Picture this, dear reader: you are a British citizen, a creature of refined sensibilities and sensible queuing. You purchase a pint of warm, flat ale from a man named Nigel who looks perpetually disappointed in your life choices. You pay the exact amount, maybe a polite nod, and you scuttle off. This is the natural order. This is civilisation.
But now a shadow falls across our sceptr'd isle, a shadow cast by the jangling coin-purse of a culture gone mad. I speak, of course, of American tipping. Yes, the practice where a $4 coffee costs $6 because you must compensate the barista for the existential trauma of your order. The Treasury, bless their actuarial hearts, has emitted a warning like a nervous penguin: the ‘out of control’ US tipping culture is crossing the Atlantic on a wave of unintended economic consequences.

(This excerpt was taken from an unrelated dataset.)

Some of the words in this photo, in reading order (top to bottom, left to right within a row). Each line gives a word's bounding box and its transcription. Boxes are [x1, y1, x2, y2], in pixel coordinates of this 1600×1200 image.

Let us dissect this monster. The Yanks have reached a tipping point, if you will, where the tip is no longer a reward for service but a guilt levy. There are iPads with preset options: 20%, 25%, 30%. You are judged if you hit ‘custom’ and type in a zero. There is a term for this: ‘tipflation’. And now the Treasury fears this viral contagion will infect our fair land, driving up wages through a sort of voluntary blackmail, a charity tax on every transaction.

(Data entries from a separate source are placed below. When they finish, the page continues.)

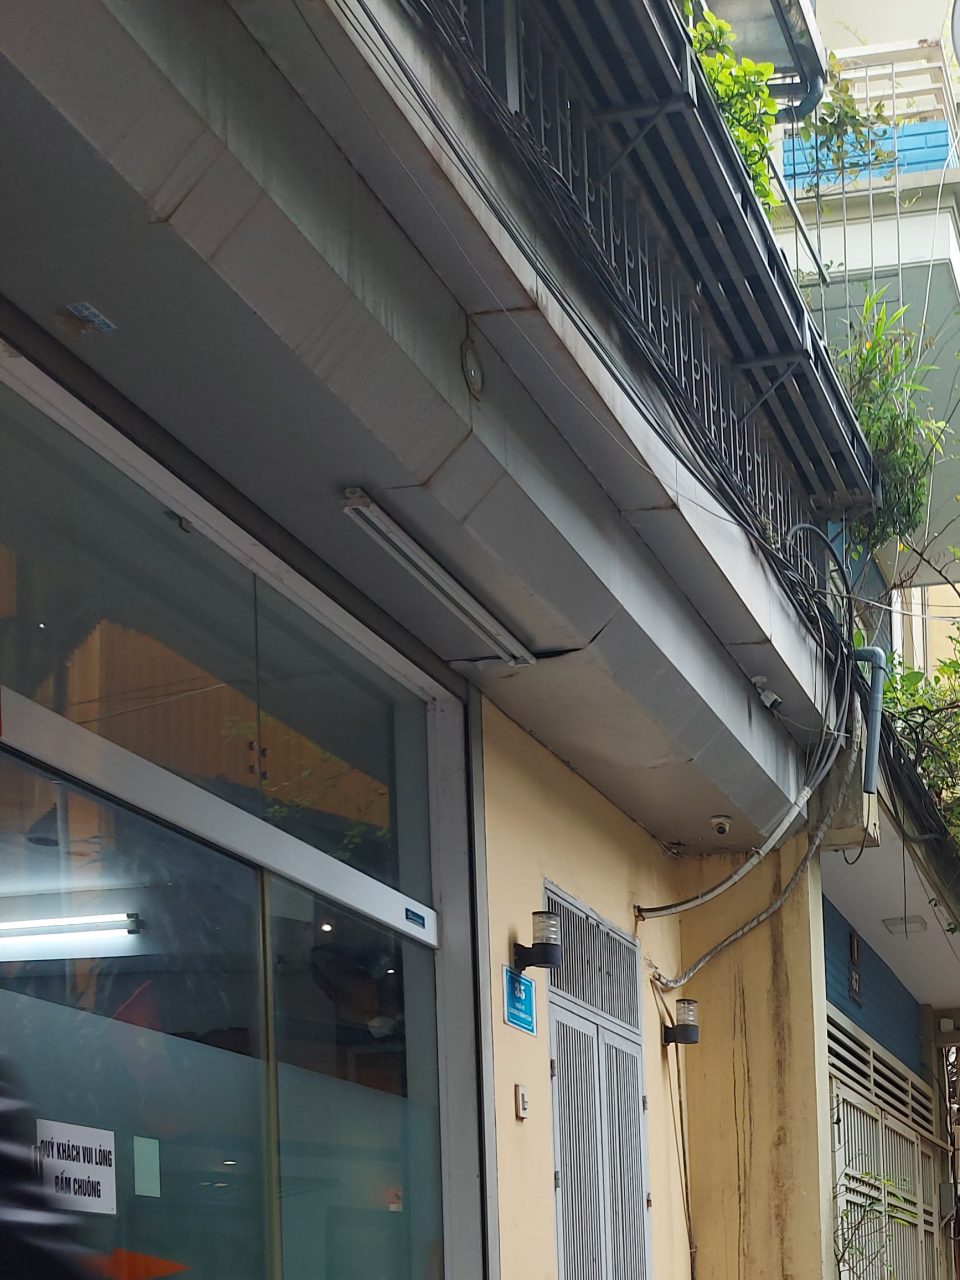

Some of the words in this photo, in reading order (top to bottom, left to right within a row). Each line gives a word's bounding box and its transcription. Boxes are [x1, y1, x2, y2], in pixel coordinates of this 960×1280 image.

[515, 982, 526, 1000] 35
[57, 1140, 81, 1163] KHÁCH
[82, 1146, 94, 1165] VUI
[95, 1144, 113, 1168] LÒNG
[54, 1170, 72, 1194] BẤM
[73, 1176, 101, 1198] CHUÔNG
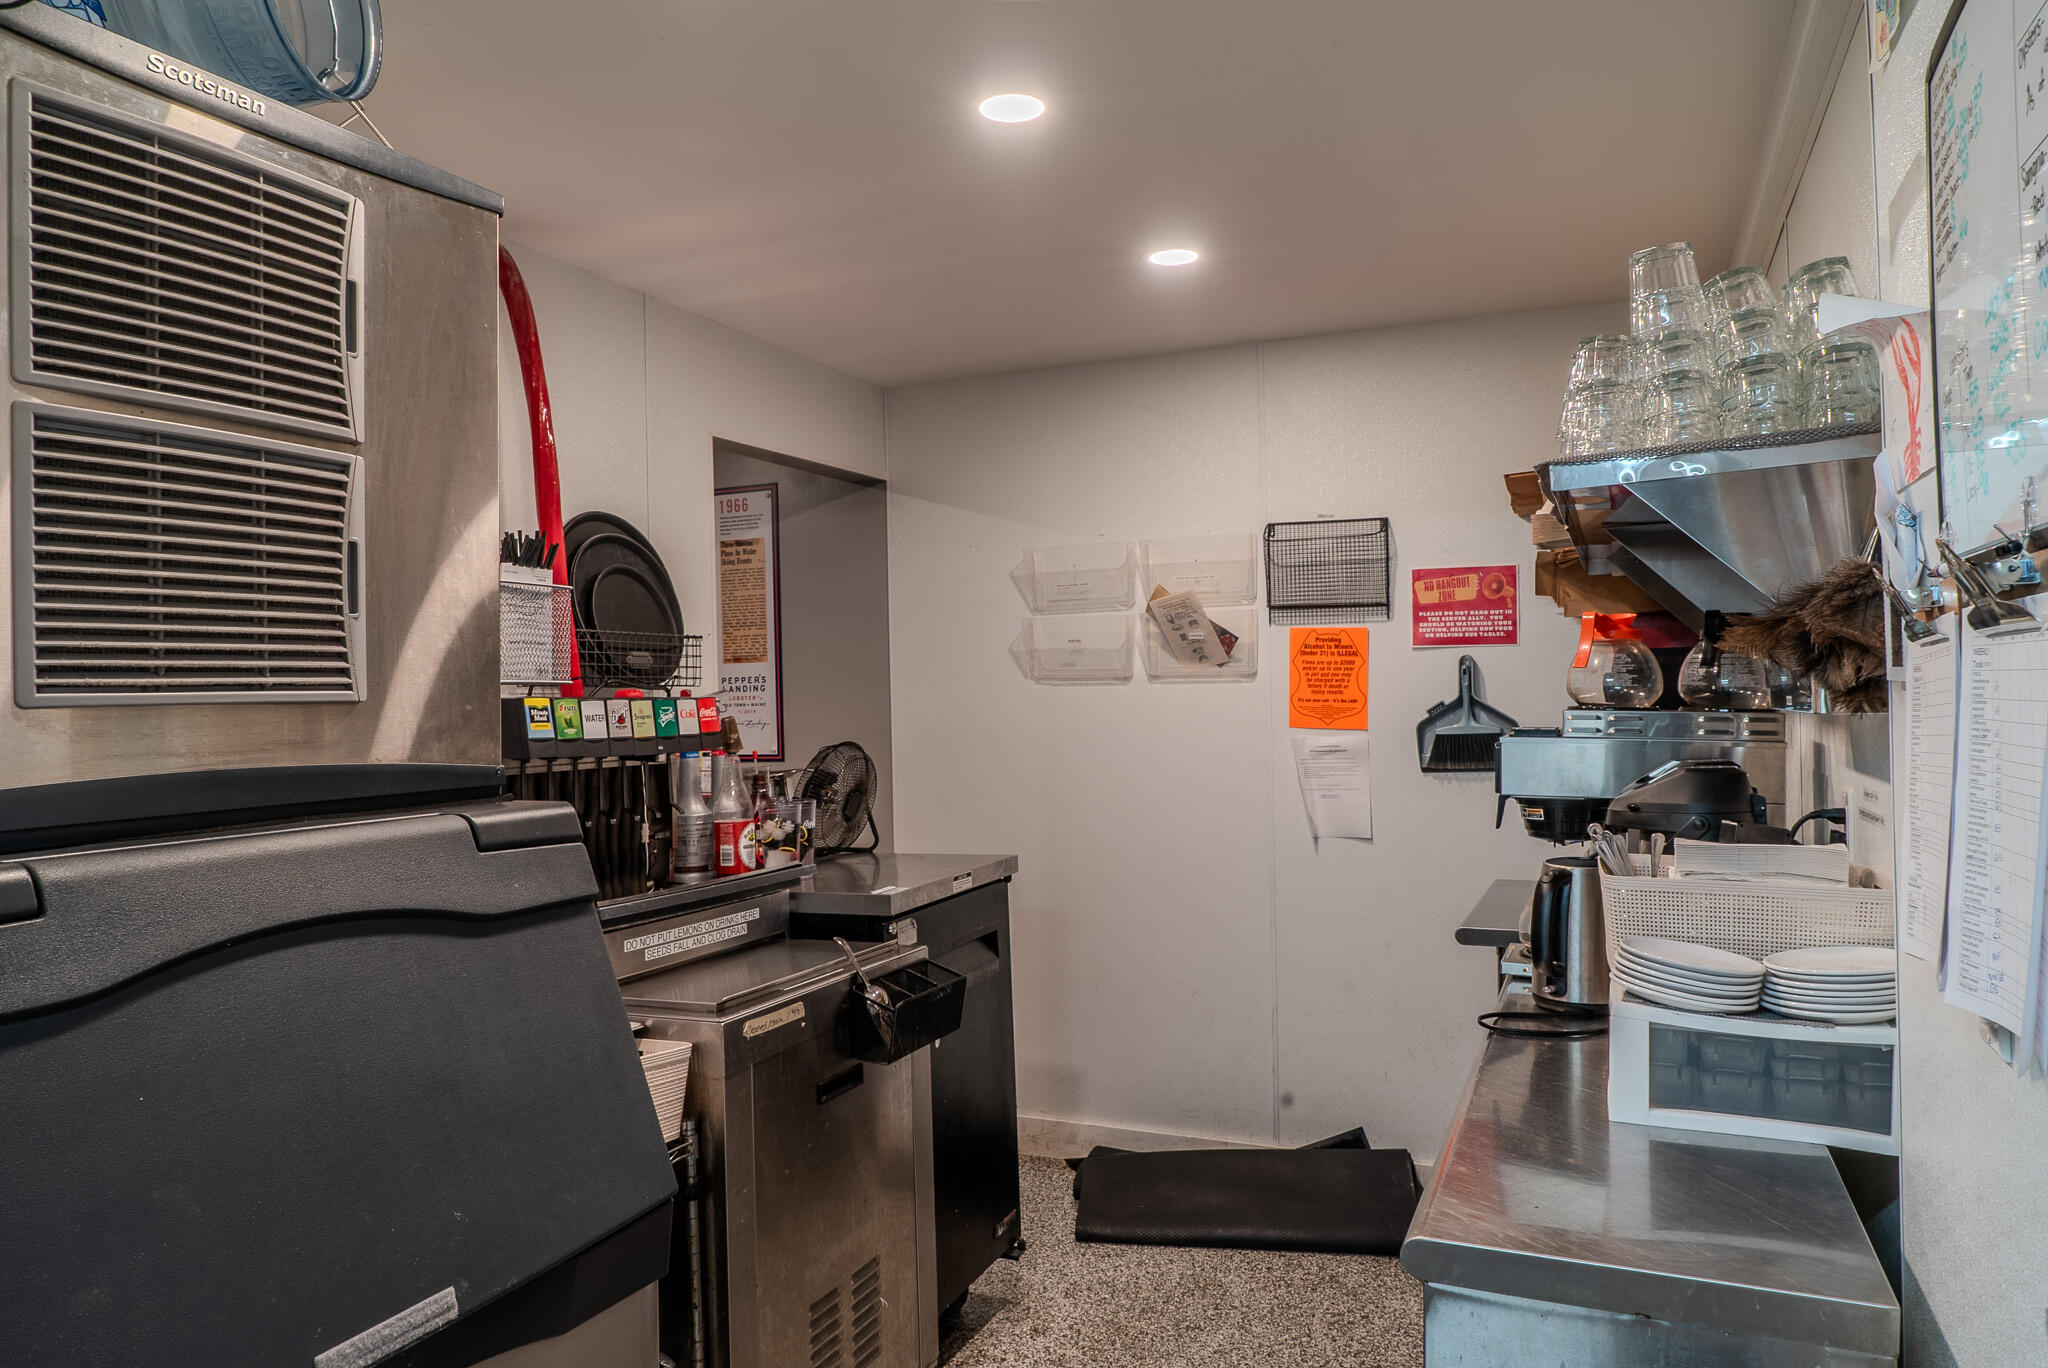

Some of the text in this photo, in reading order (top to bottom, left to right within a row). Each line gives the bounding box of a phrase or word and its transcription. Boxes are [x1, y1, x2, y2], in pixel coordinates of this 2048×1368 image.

[147, 53, 266, 116] Scotsman
[719, 497, 748, 513] 1966
[1424, 576, 1470, 592] NO HANGOUT
[1438, 590, 1456, 602] ZONE
[721, 674, 767, 685] PEPPER'S
[584, 714, 605, 722] WATER
[680, 709, 696, 719] Coke
[625, 940, 638, 951] DO
[640, 935, 655, 947] NOT
[657, 930, 672, 943] PUT
[673, 923, 703, 939] LEMONS
[704, 920, 714, 931] ON
[716, 914, 739, 928] DRINKS
[646, 924, 746, 959] SEEDS FALL AND CLOG DRAIN

But let us not kid ourselves: this is not about generosity. This is a systemic failure. In America, employers pay their staff pittance and outsource their salaries to the public. A waiter in New Jersey earns $2.13 an hour before tips. No, that is not a typo. That is legalised wage theft with a happy face. And the Treasury here, in its paternalistic wisdom, fears that if we adopt this, our own wage inflation will spiral like a drunk on a roundabout.
But what of the customer? The poor soul who must now perform complex mental arithmetic simply to buy a haircut or a frappuccino. I have seen friends in New York try to tip a taxi driver through a portal that requires three-factor authentication and a DNA sample. It is madness. And now we are told that this madness might be coming to a chip-and-pin machine near you.
But hear me, Treasury. Do not simply warn. Act. Ban the guilt iPad. Outlaw the pre-set tip percentages. Mandate that all employees be paid a living wage, not a hope-and-a-tip. Let us not become the sort of nation where we tip the person who bags our groceries because they looked at us with a certain weary resignation. We are better than that. Or at least, we used to be.
And yet, there is a perverse irony. The very institutions that warn of inflation are the ones that have kept wages stagnant for a decade. Perhaps if we paid people properly, they wouldn't need to beg for tips. Perhaps the Treasury should direct its warning not at the public, but at the employers who refuse to pay a decent wage. But that would be logical, and logic is rare in these fevered times.
So, I propose a counter-culture: a British tipping system based on passive aggression. You want a tip? Do something extraordinary. Rescue my cat from a tree. Recite a sonnet. Find my keys. Otherwise, bugger off. Let us stand firm against the iPad invasion. Let us keep our loose change in our pockets and our dignity intact. Because if we don't, the next time you buy a half-pint of shandy, you'll be asked to contribute to the pension fund of the brewery cat.
And that, my friends, is a future too terrible to contemplate.